When a Martha’s Vineyard food stand can ban a customer over his politics and police say that’s allowed, every American who cares about equal access and free association should pay attention.
Refusal of Service Over Politics at a Community Market
At the West Tisbury Farmers Market, Good Pierogi co-owner Krem Miskevich refused to sell attorney Alan Dershowitz pierogi after citing his representation of Donald Trump and Jeffrey Epstein, turning a routine purchase into a flashpoint over political discrimination. Dershowitz called the refusal “McCarthyism,” framing it as punishment for his legal advocacy and pro-Israel stance. He threatened legal action aimed at requiring vendors operating at the market to serve all customers regardless of viewpoint under market rules.
Media coverage reports that a second encounter followed, with police involvement and accusations that Dershowitz harassed and misgendered the vendor during the dispute, which Dershowitz denied while posting his own video account. Local reporting noted lines forming at the stand afterward, reflecting a community rally effect. The public debate now centers on whether a private vendor at a public-facing market can deny service based solely on a customer’s political associations.
What the Law Covers—and What It Does Not
Massachusetts public accommodations law broadly prohibits discrimination based on protected classes like race, religion, sex, sexual orientation, and gender identity, but it does not list political ideology. Legal analysis suggests any claim premised on viewpoint alone faces long odds unless tied to a protected characteristic or a market policy requiring service to all. That gap between social norms against blacklisting and statutory protections leaves outcomes hinging on market bylaws and contract or tort theories.

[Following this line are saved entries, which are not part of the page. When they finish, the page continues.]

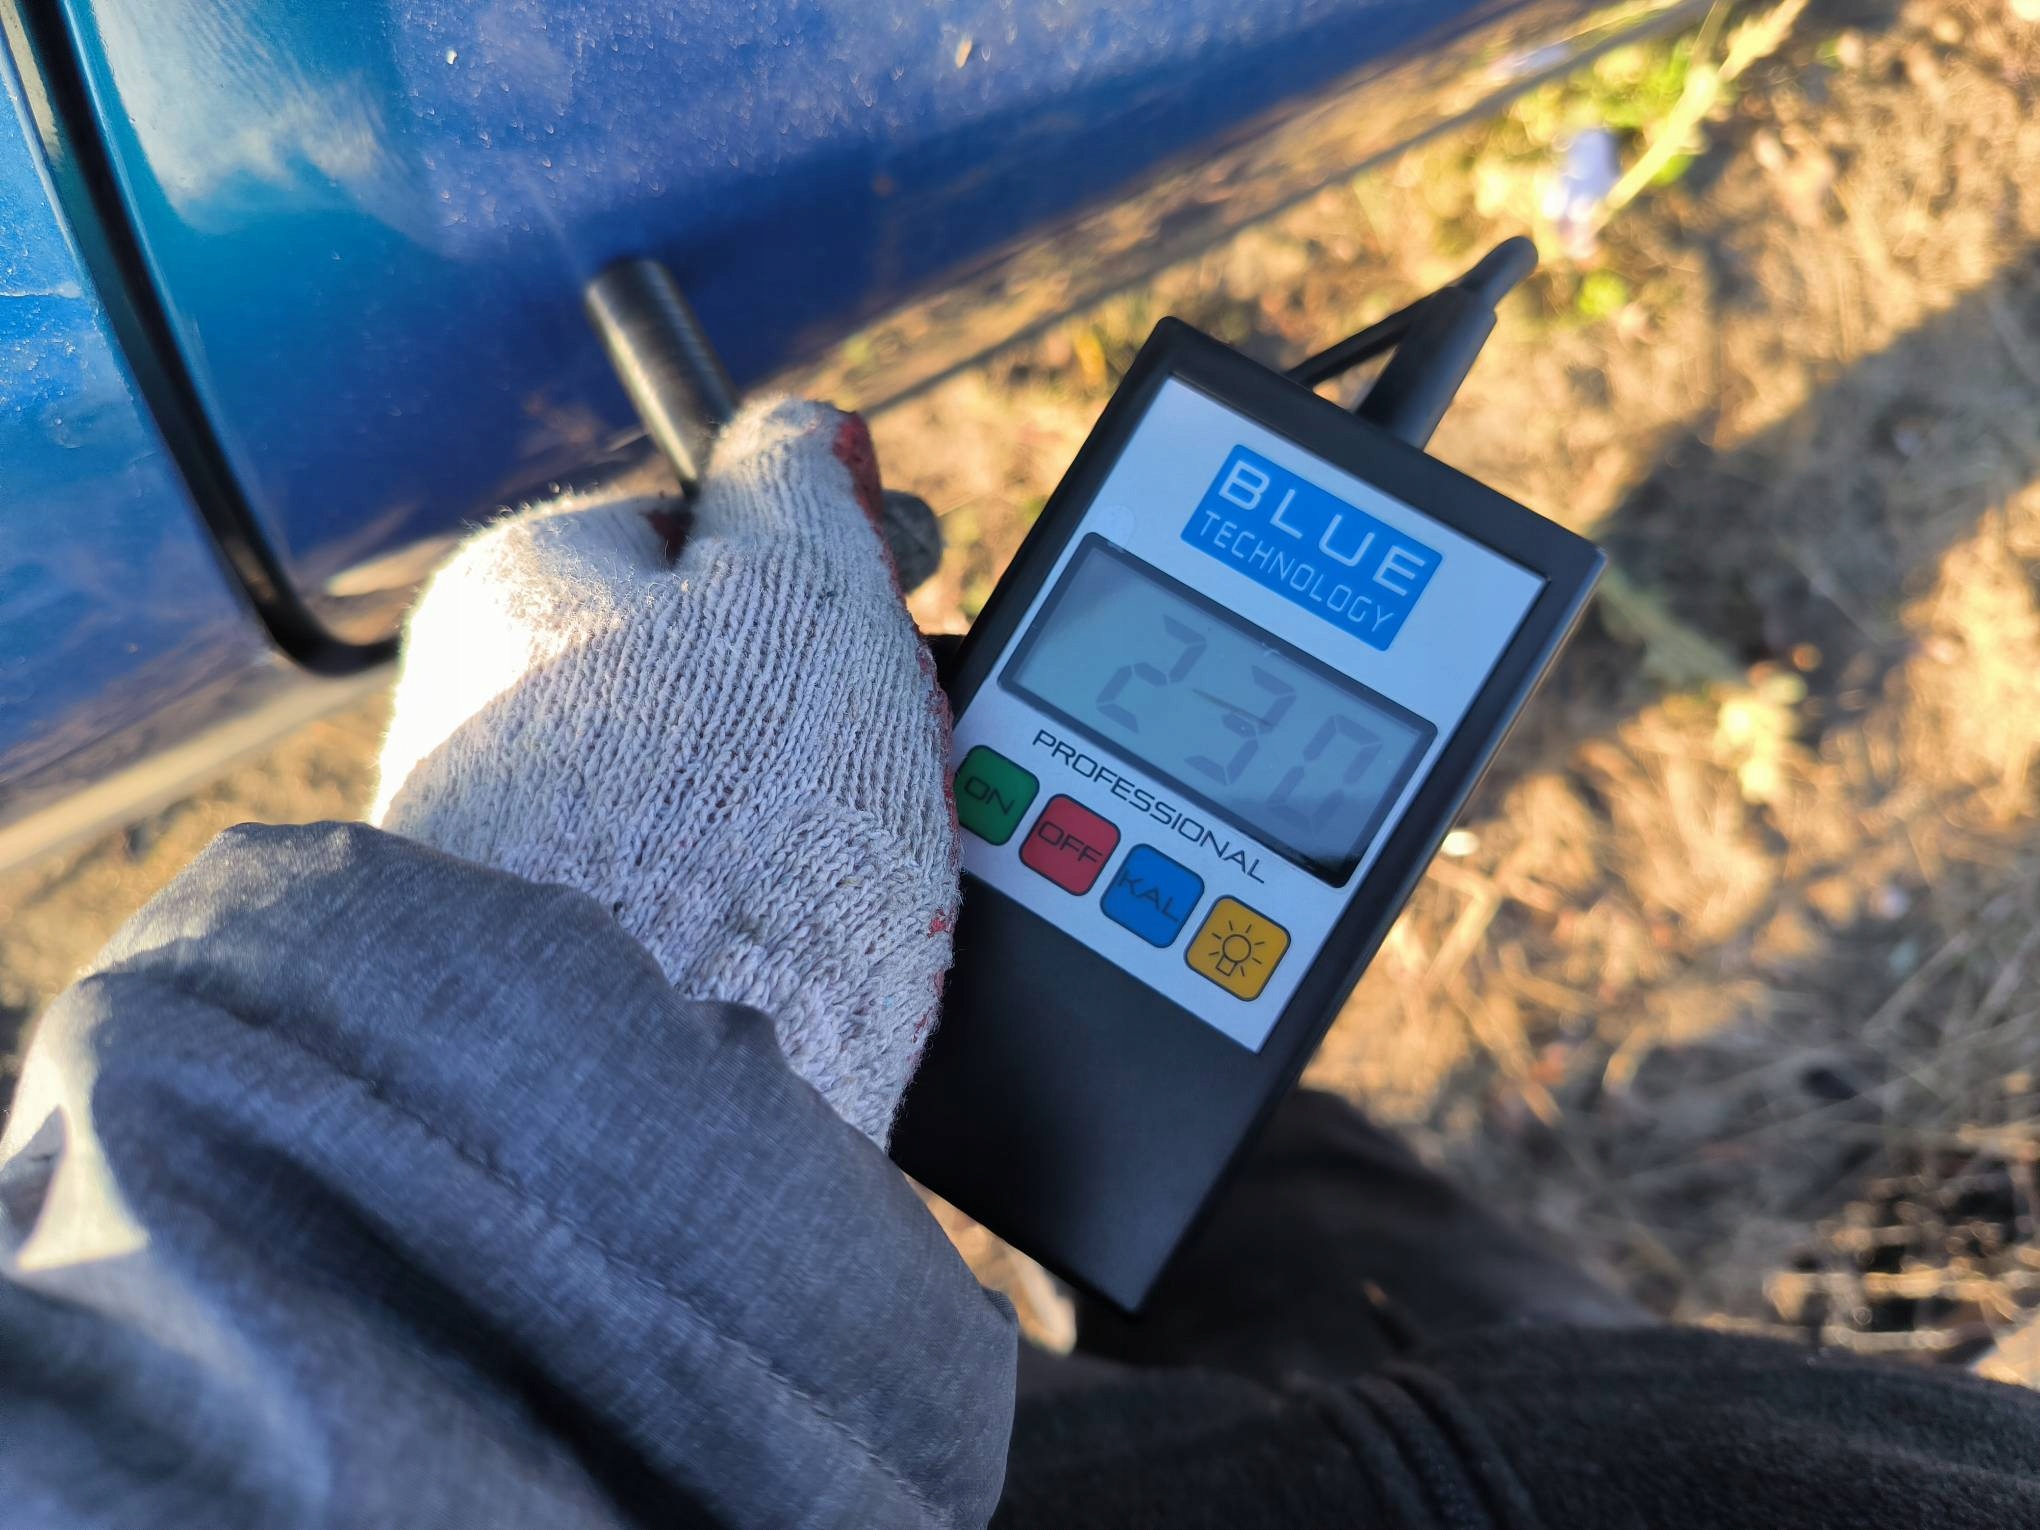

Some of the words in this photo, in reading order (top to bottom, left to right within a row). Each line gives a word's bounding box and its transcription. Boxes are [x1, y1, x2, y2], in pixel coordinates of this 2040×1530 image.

[1200, 510, 1394, 632] TECHNOLOGY
[1218, 460, 1426, 597] BLUE
[1096, 614, 1383, 833] 230
[964, 776, 1014, 816] ON
[1032, 729, 1265, 884] PROFESSIONAL
[1038, 821, 1102, 864] OFF
[1117, 868, 1179, 923] KAL
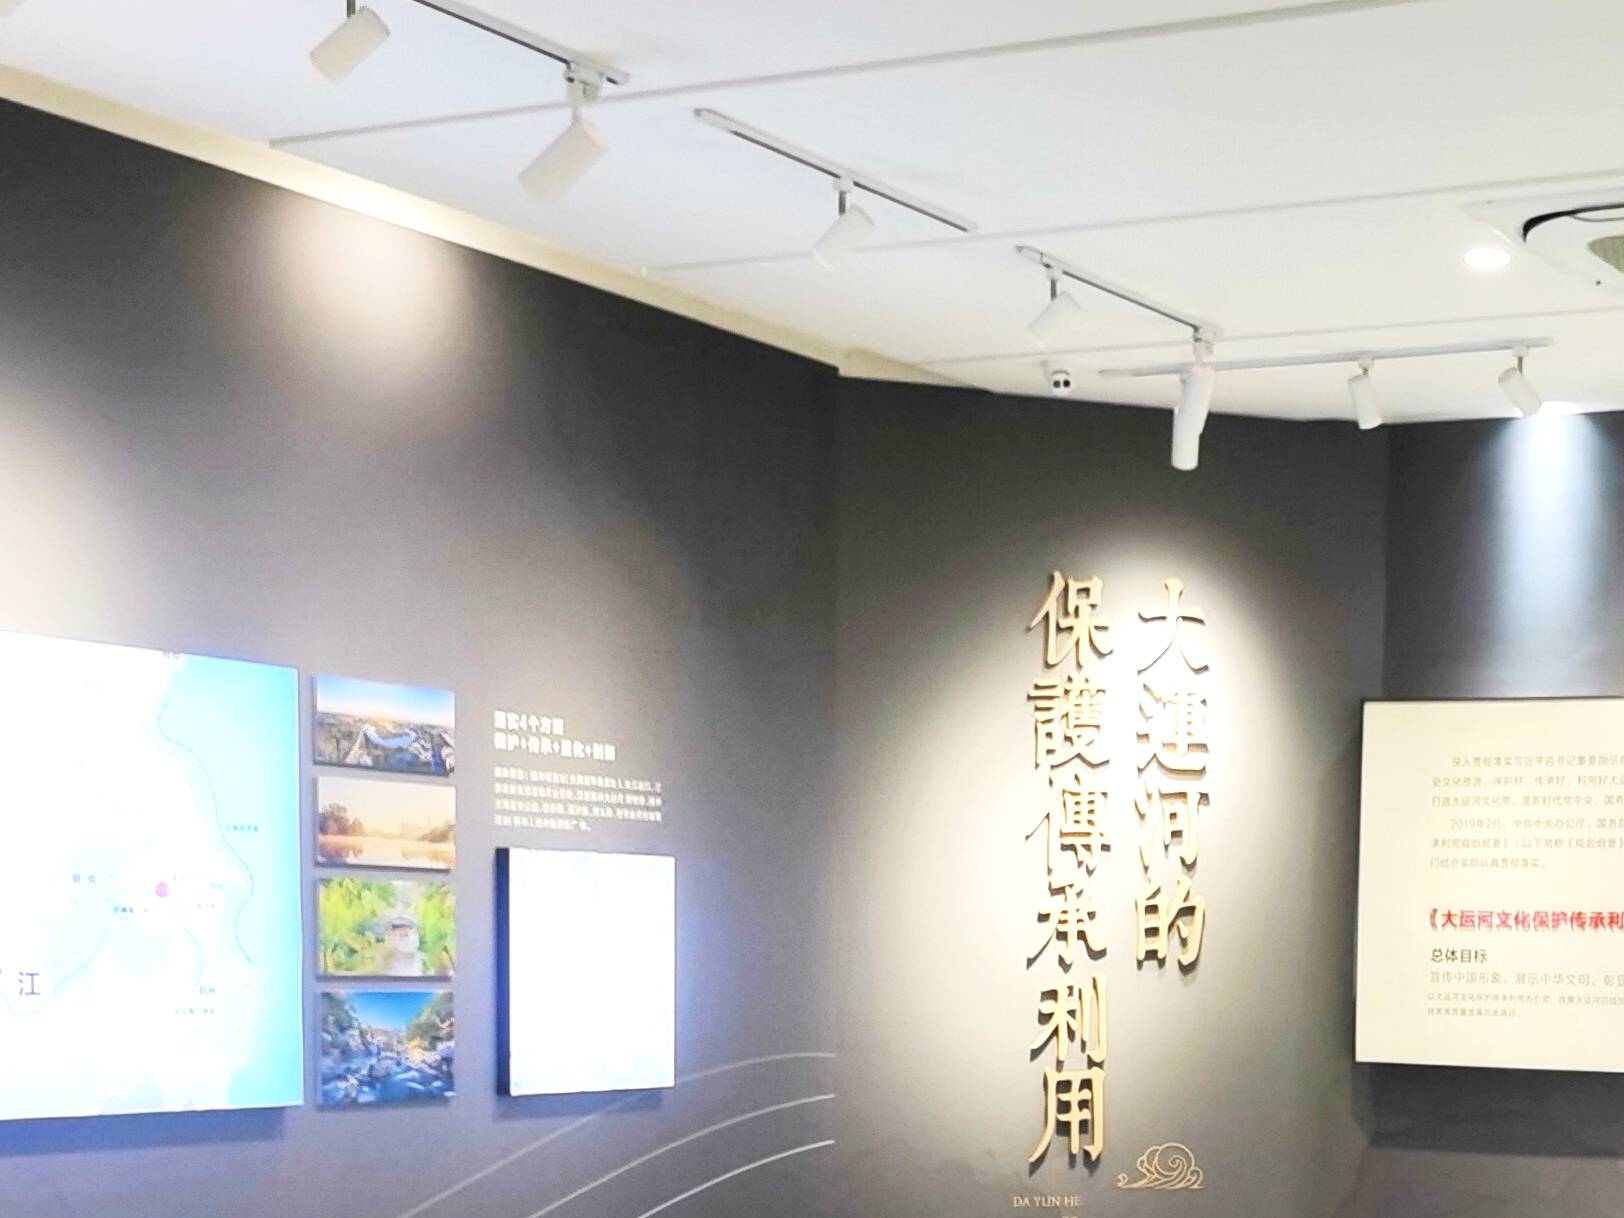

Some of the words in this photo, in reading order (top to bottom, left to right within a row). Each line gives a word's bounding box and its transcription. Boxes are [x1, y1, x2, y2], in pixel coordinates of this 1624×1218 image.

[1134, 576, 1212, 970] 大運河的
[1025, 569, 1114, 1170] 保護傳承利用
[1429, 947, 1488, 964] 总体目标
[18, 971, 41, 997] 江
[1013, 1195, 1030, 1207] DA
[1033, 1195, 1060, 1207] YUN
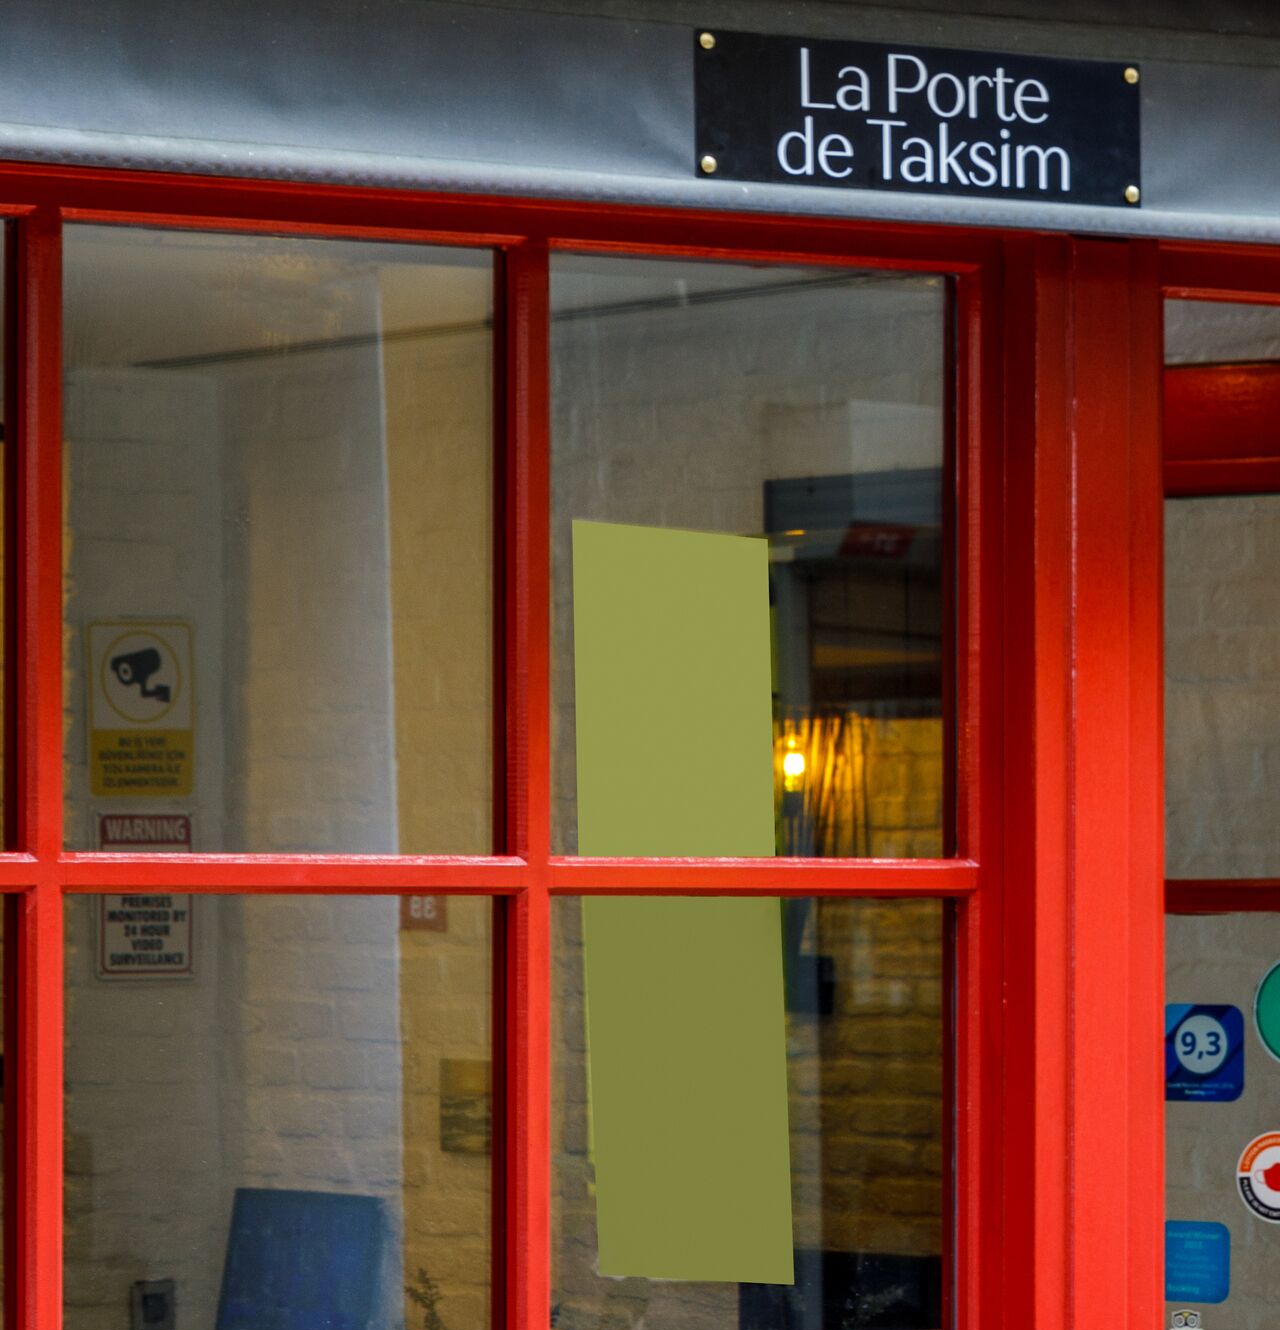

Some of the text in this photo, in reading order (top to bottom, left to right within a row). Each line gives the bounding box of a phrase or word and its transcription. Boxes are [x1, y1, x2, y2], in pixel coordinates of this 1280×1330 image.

[800, 47, 1050, 124] La Porte
[776, 115, 1071, 192] de Taksim
[105, 818, 186, 841] WARNING
[121, 895, 173, 908] PREMISES
[108, 909, 186, 922] MONITORED BY
[140, 925, 170, 937] HOUR
[131, 939, 164, 951] VIDEO
[110, 953, 184, 966] SURVEILLANCE
[1181, 1031, 1221, 1059] 9,3
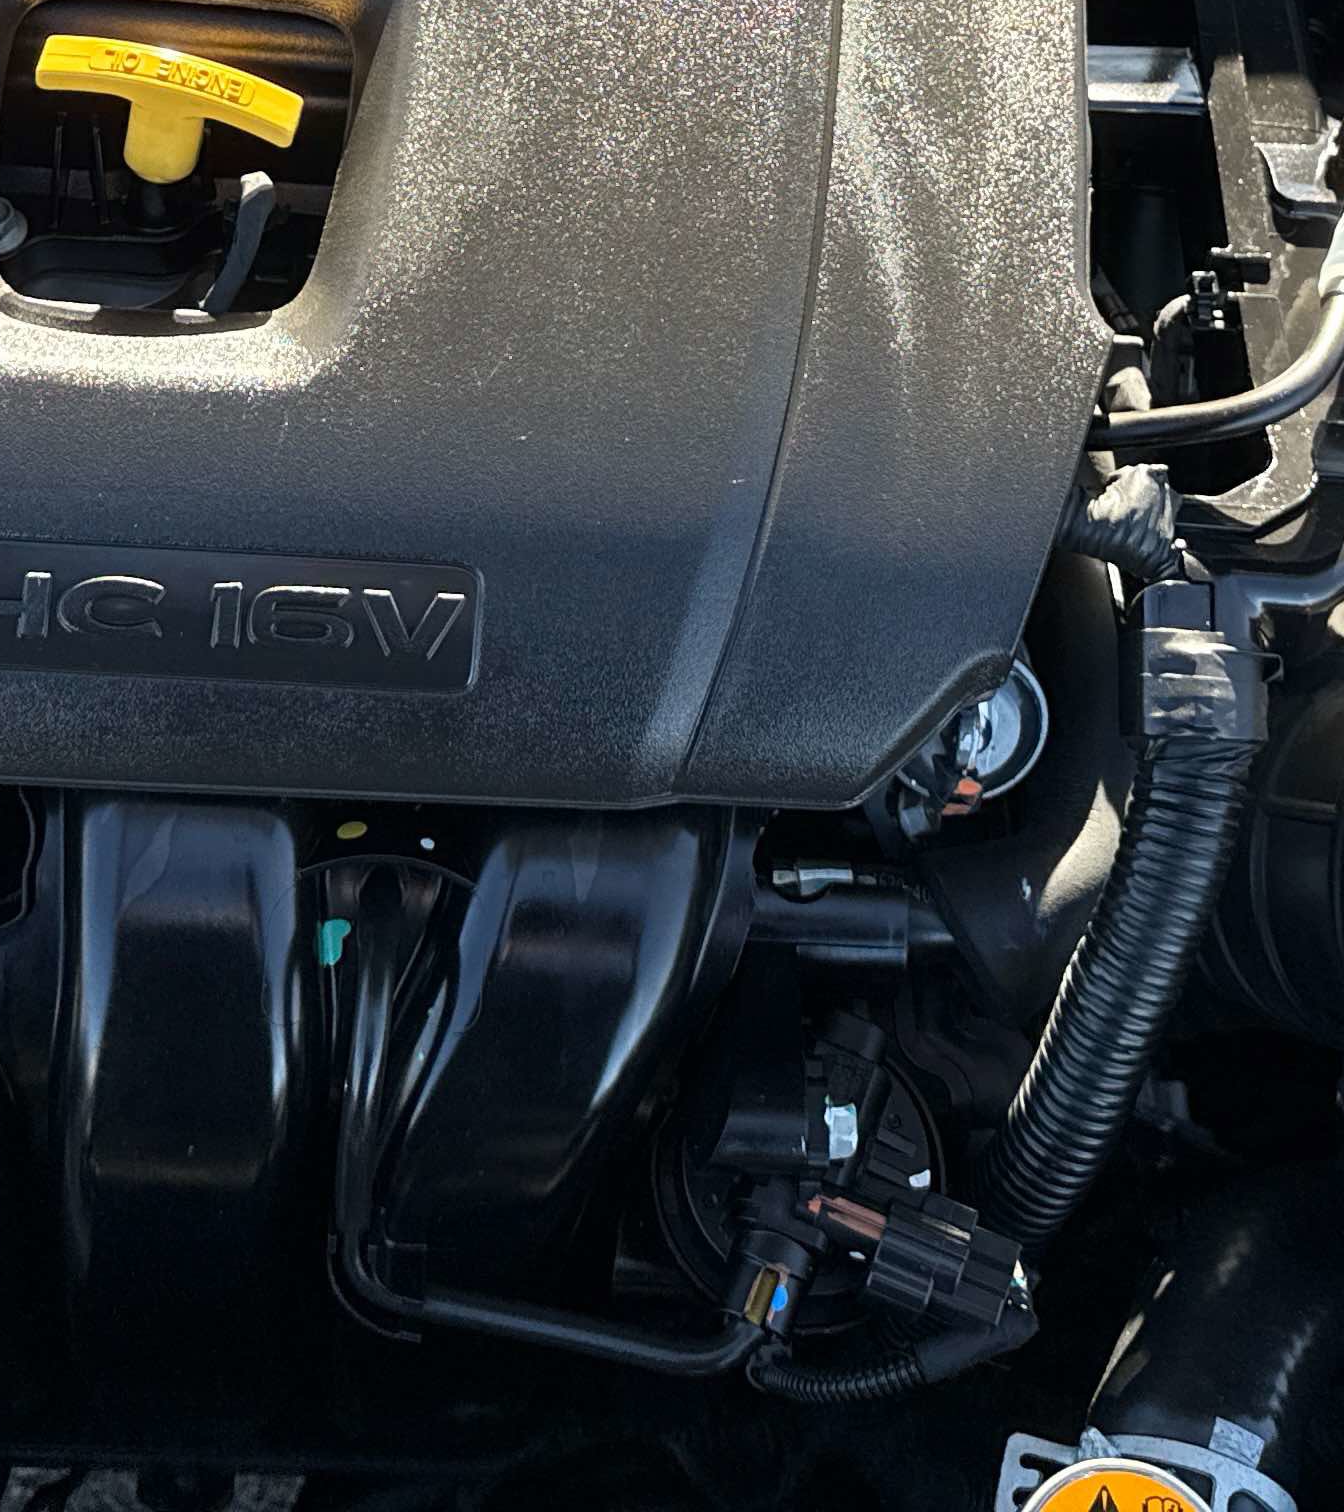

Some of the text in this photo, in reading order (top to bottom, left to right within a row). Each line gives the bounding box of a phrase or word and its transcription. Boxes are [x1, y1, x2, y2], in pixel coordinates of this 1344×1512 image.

Police on scene reportedly told Dershowitz that vendors could refuse service, and officers escorted him from the market after tempers rose. That on-the-ground position reinforces the legal ambiguity: absent a protected-class hook or a market rule, a vendor’s refusal may stand. The market’s management now sits at the policy fulcrum, weighing vendor discretion against customer access while anticipating potential litigation that could force clearer, viewpoint-neutral service rules.
Why Conservatives See a Broader Pattern
Conservatives watching this dispute see a familiar pattern: ideological gatekeeping that marginalizes dissenting viewpoints in civic spaces. The refusal did not involve expressive, custom work; it was premade food, with the customer denied due to who he represented and what he believed. That dynamic sharpens concerns that progressive enclaves normalize political litmus tests, creating a soft segregation of public commerce and corroding equal access expectations many Americans assume apply in open markets.
The episode also echoes national clashes over compelled speech versus general sales. Court precedents protecting artists from being forced to create custom messages do not easily apply here, because the vendor objected to the buyer, not an expressive product. That distinction matters for limited-government advocates who oppose compelled speech while also opposing viewpoint-based blacklists in ordinary transactions. Clarity from courts or market policies could protect both free expression and equal service in non-expressive sales.
What Happens Next—and What’s at Stake
As of mid-August 2025, reports indicate Dershowitz has threatened but not filed suit, while legal commentary underscores the state-law hurdles. If the market’s rules require vendors to serve all customers, contract-based claims could come into play; if not, Massachusetts’ omission of ideology as a protected class may leave only narrow paths. The controversy’s immediate legacy is a louder call for institutions to adopt viewpoint-neutral service rules that preempt politicized denials.
Longer term, farmers markets and small vendors may seek training on refusals, filming, and de-escalation, and boards may clarify bylaws to deter future standoffs. For a conservative audience, the practical takeaway is simple: where statutes lag, local rules matter. Citizens should press community venues to codify equal-service expectations that safeguard civic space from partisan blacklisting, while courts and legislatures debate whether political discrimination deserves explicit protection in public accommodations law.